[Stored items from a collection]
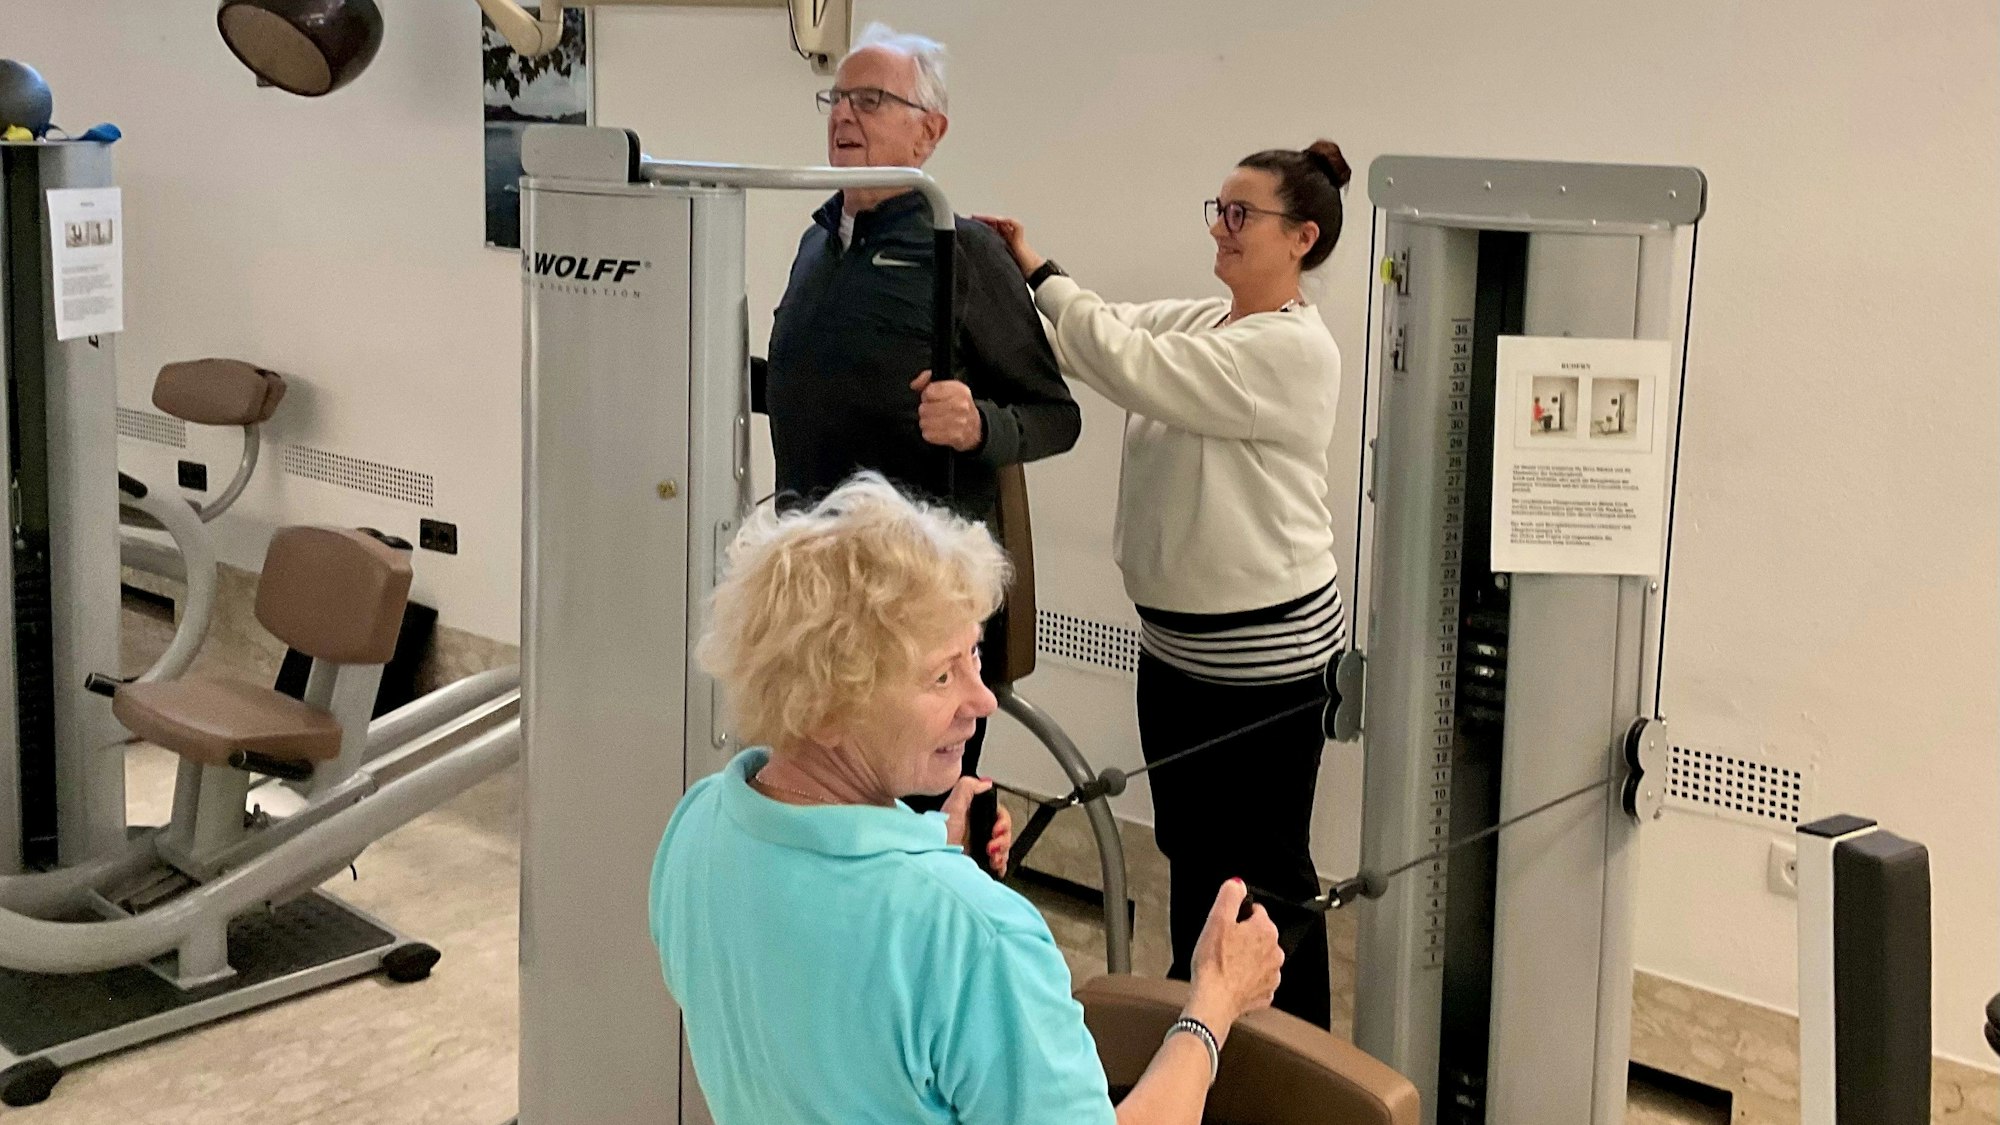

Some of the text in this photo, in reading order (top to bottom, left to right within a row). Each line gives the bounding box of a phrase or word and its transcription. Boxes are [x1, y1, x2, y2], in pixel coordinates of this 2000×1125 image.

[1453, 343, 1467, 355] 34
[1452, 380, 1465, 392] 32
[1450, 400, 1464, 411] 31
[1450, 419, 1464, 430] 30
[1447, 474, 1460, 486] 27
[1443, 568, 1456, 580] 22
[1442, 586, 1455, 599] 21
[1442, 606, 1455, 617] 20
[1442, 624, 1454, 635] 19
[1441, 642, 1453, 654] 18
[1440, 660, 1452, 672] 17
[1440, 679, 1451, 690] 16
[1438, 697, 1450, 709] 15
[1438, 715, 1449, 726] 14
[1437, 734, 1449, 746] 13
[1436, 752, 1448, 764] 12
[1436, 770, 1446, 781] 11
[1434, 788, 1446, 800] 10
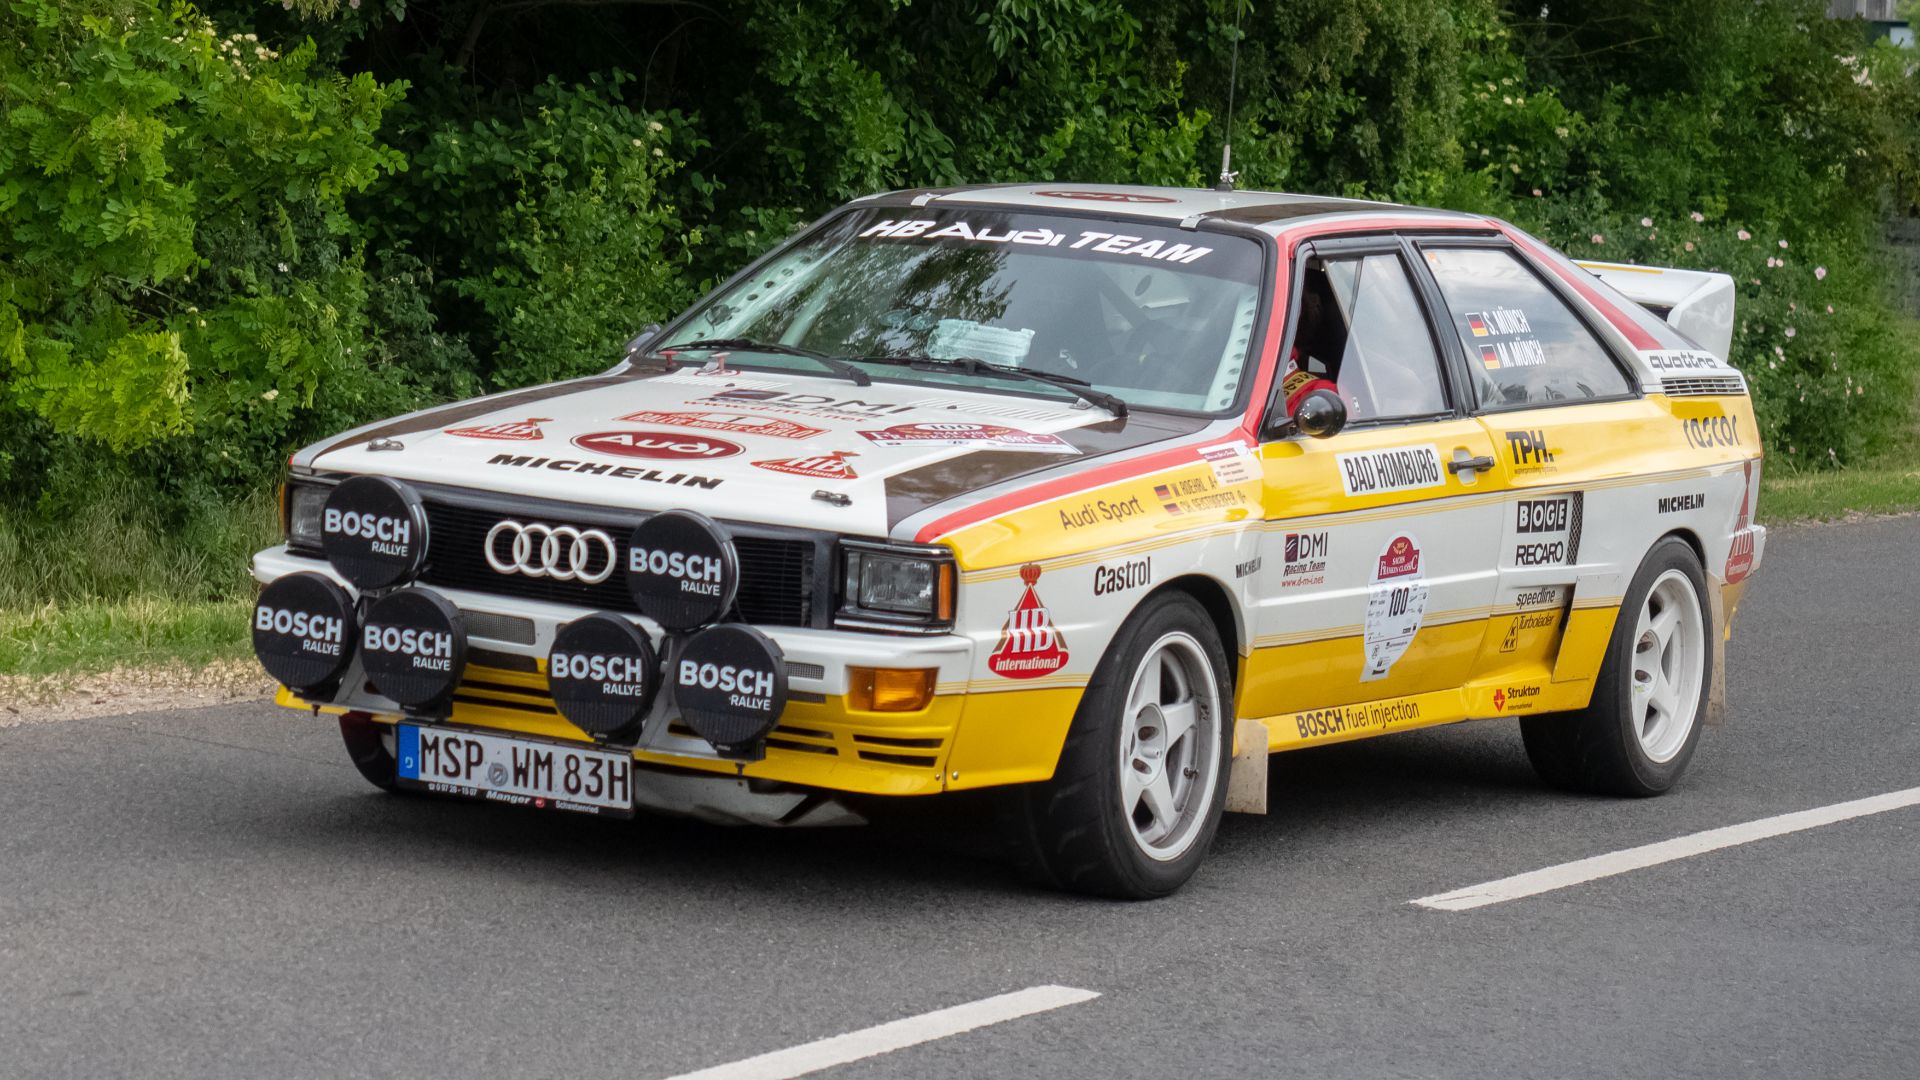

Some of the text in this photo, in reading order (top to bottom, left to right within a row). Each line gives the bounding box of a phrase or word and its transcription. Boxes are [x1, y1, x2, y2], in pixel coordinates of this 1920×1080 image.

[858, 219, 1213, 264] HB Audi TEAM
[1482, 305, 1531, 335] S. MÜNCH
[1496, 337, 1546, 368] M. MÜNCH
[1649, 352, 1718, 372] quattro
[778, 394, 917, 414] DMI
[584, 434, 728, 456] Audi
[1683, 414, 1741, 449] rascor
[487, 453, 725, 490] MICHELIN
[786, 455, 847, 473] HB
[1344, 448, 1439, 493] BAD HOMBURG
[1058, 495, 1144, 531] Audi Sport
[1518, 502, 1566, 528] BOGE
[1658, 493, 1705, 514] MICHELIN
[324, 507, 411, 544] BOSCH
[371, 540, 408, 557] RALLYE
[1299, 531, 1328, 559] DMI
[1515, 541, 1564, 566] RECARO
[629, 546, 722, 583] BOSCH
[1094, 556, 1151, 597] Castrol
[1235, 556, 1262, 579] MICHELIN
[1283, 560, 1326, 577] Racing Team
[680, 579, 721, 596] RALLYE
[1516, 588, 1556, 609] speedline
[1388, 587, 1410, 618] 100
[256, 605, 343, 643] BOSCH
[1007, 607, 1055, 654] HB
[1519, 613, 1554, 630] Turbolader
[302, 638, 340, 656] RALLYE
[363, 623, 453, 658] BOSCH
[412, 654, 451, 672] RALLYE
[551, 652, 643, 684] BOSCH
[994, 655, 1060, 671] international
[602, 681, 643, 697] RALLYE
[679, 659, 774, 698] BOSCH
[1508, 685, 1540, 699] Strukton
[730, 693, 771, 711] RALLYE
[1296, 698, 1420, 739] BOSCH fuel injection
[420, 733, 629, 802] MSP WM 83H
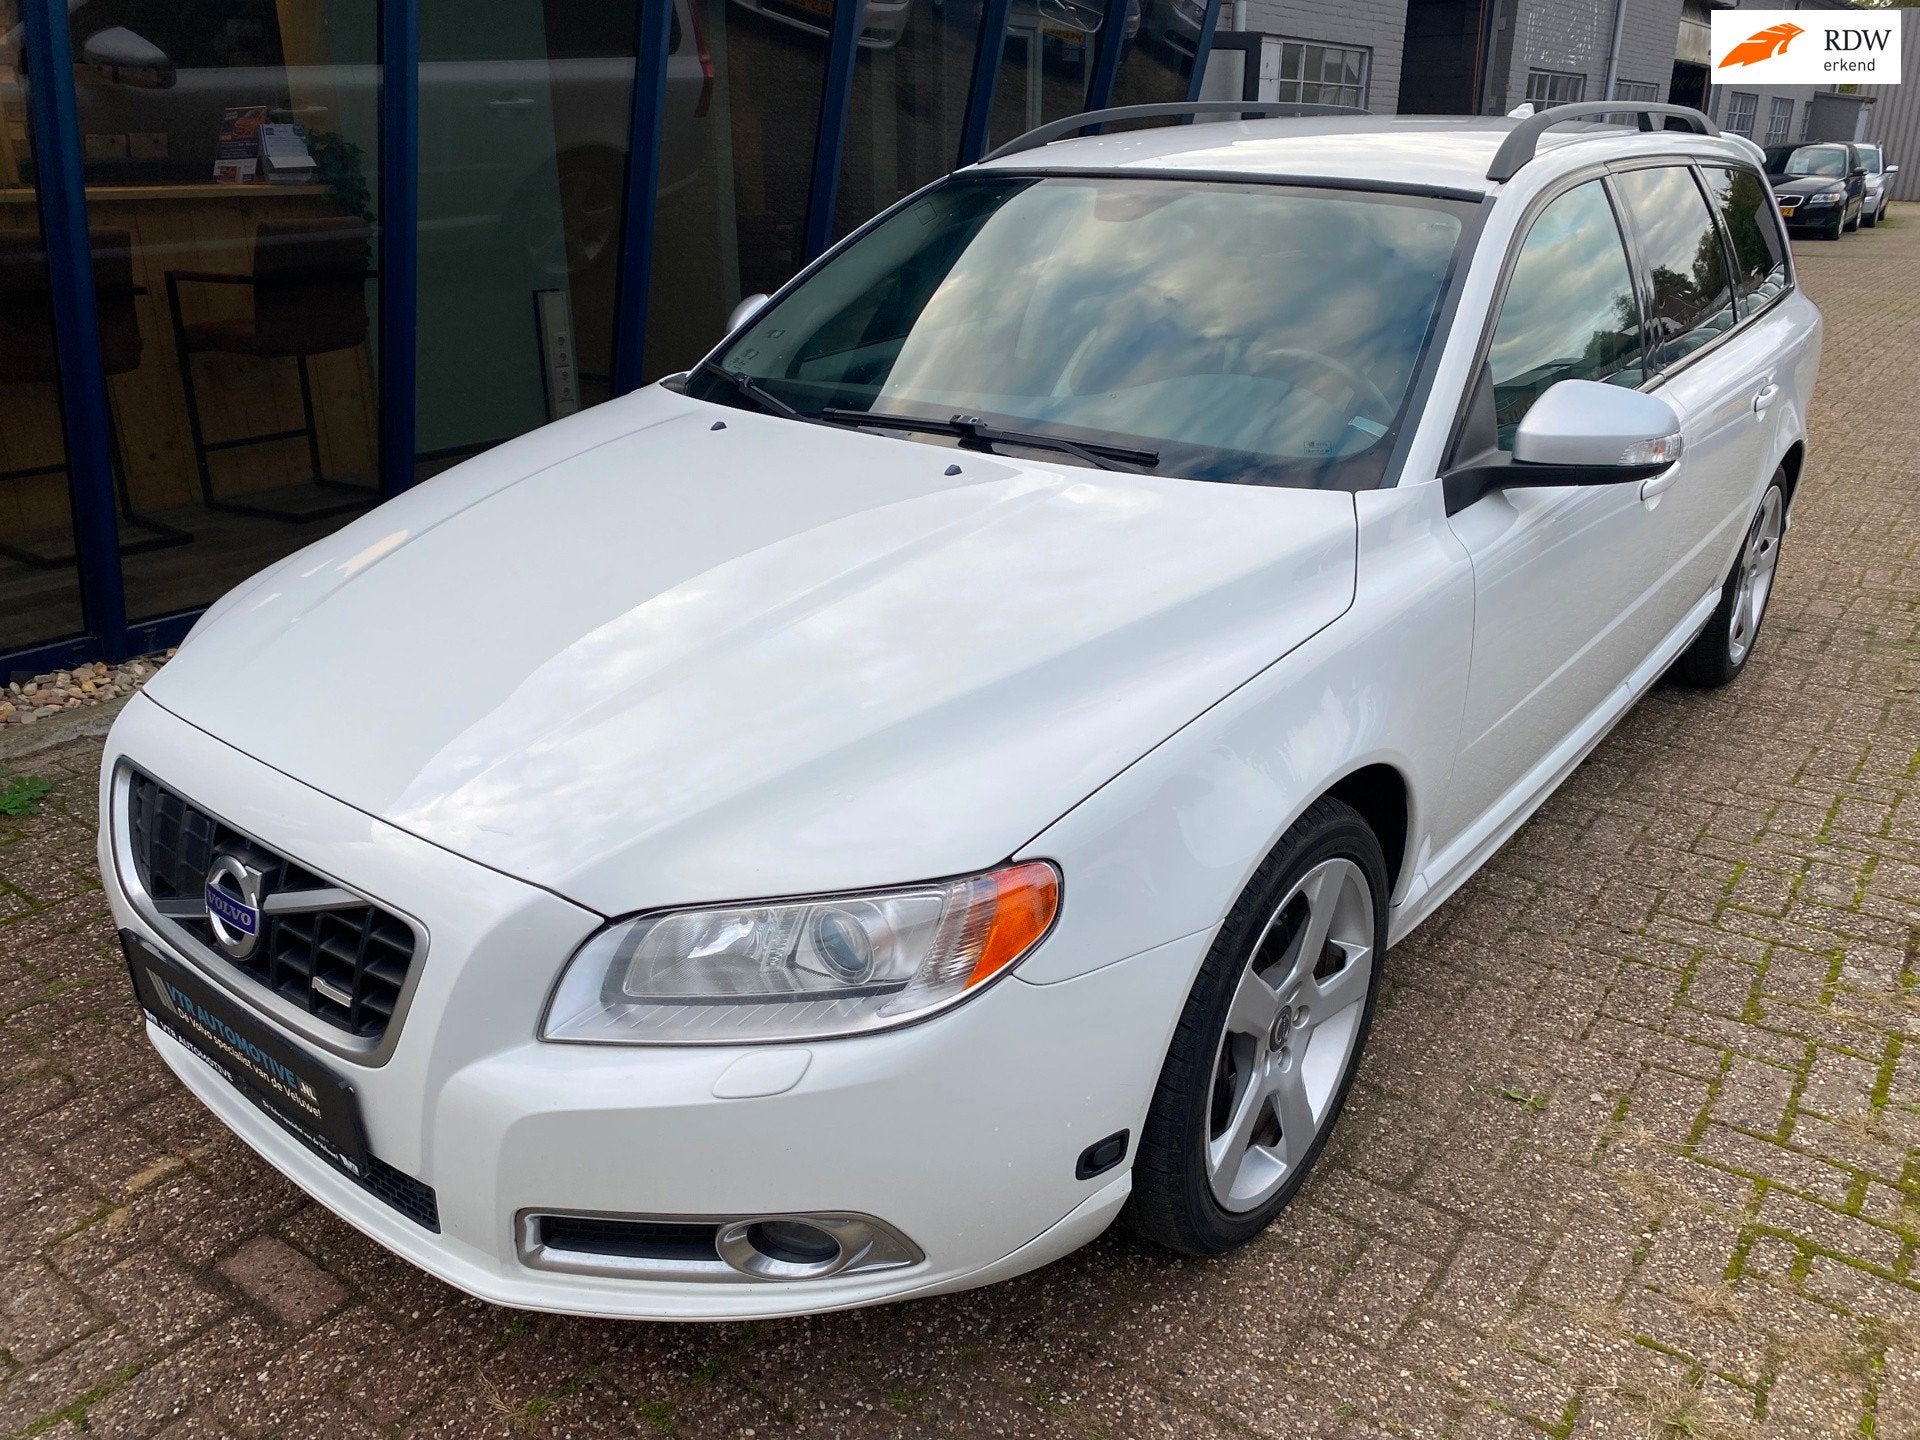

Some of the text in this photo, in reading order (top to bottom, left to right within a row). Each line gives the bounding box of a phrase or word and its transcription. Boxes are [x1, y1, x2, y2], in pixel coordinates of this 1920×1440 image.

What you have to do ::
Before you finish, make sure every line above has been repeated exactly and no picture remains in the copy.

Answer to the exercise ::
Some of the text in this photo, in reading order (top to bottom, left to right within a row). Each line gives the bounding box of a phrase or word and its transcription. Boxes are [x1, y1, x2, y2], in pixel coordinates of this 2000×1125 image.

[1453, 343, 1467, 355] 34
[1452, 380, 1465, 392] 32
[1450, 400, 1464, 411] 31
[1450, 419, 1464, 430] 30
[1447, 474, 1460, 486] 27
[1443, 568, 1456, 580] 22
[1442, 586, 1455, 599] 21
[1442, 606, 1455, 617] 20
[1442, 624, 1454, 635] 19
[1441, 642, 1453, 654] 18
[1440, 660, 1452, 672] 17
[1440, 679, 1451, 690] 16
[1438, 697, 1450, 709] 15
[1438, 715, 1449, 726] 14
[1437, 734, 1449, 746] 13
[1436, 752, 1448, 764] 12
[1436, 770, 1446, 781] 11
[1434, 788, 1446, 800] 10

Some of the text in this photo, in reading order (top to bottom, left to right within a row). Each line gives the bounding box of a phrase or word and its transcription. Boxes are [x1, y1, x2, y2], in pixel coordinates of this 1920×1080 image.

[858, 219, 1213, 264] HB Audi TEAM
[1482, 305, 1531, 335] S. MÜNCH
[1496, 337, 1546, 368] M. MÜNCH
[1649, 352, 1718, 372] quattro
[778, 394, 917, 414] DMI
[584, 434, 728, 456] Audi
[1683, 414, 1741, 449] rascor
[487, 453, 725, 490] MICHELIN
[786, 455, 847, 473] HB
[1344, 448, 1439, 493] BAD HOMBURG
[1058, 495, 1144, 531] Audi Sport
[1518, 502, 1566, 528] BOGE
[1658, 493, 1705, 514] MICHELIN
[324, 507, 411, 544] BOSCH
[371, 540, 408, 557] RALLYE
[1299, 531, 1328, 559] DMI
[1515, 541, 1564, 566] RECARO
[629, 546, 722, 583] BOSCH
[1094, 556, 1151, 597] Castrol
[1235, 556, 1262, 579] MICHELIN
[1283, 560, 1326, 577] Racing Team
[680, 579, 721, 596] RALLYE
[1516, 588, 1556, 609] speedline
[1388, 587, 1410, 618] 100
[256, 605, 343, 643] BOSCH
[1007, 607, 1055, 654] HB
[1519, 613, 1554, 630] Turbolader
[302, 638, 340, 656] RALLYE
[363, 623, 453, 658] BOSCH
[412, 654, 451, 672] RALLYE
[551, 652, 643, 684] BOSCH
[994, 655, 1060, 671] international
[602, 681, 643, 697] RALLYE
[679, 659, 774, 698] BOSCH
[1508, 685, 1540, 699] Strukton
[730, 693, 771, 711] RALLYE
[1296, 698, 1420, 739] BOSCH fuel injection
[420, 733, 629, 802] MSP WM 83H

Some of the text in this photo, in reading order (top to bottom, left to right within a row). Each line gives the bounding box of a phrase or word and its transcription. Boxes are [x1, y1, x2, y2], in pixel coordinates of this 1920×1440 image.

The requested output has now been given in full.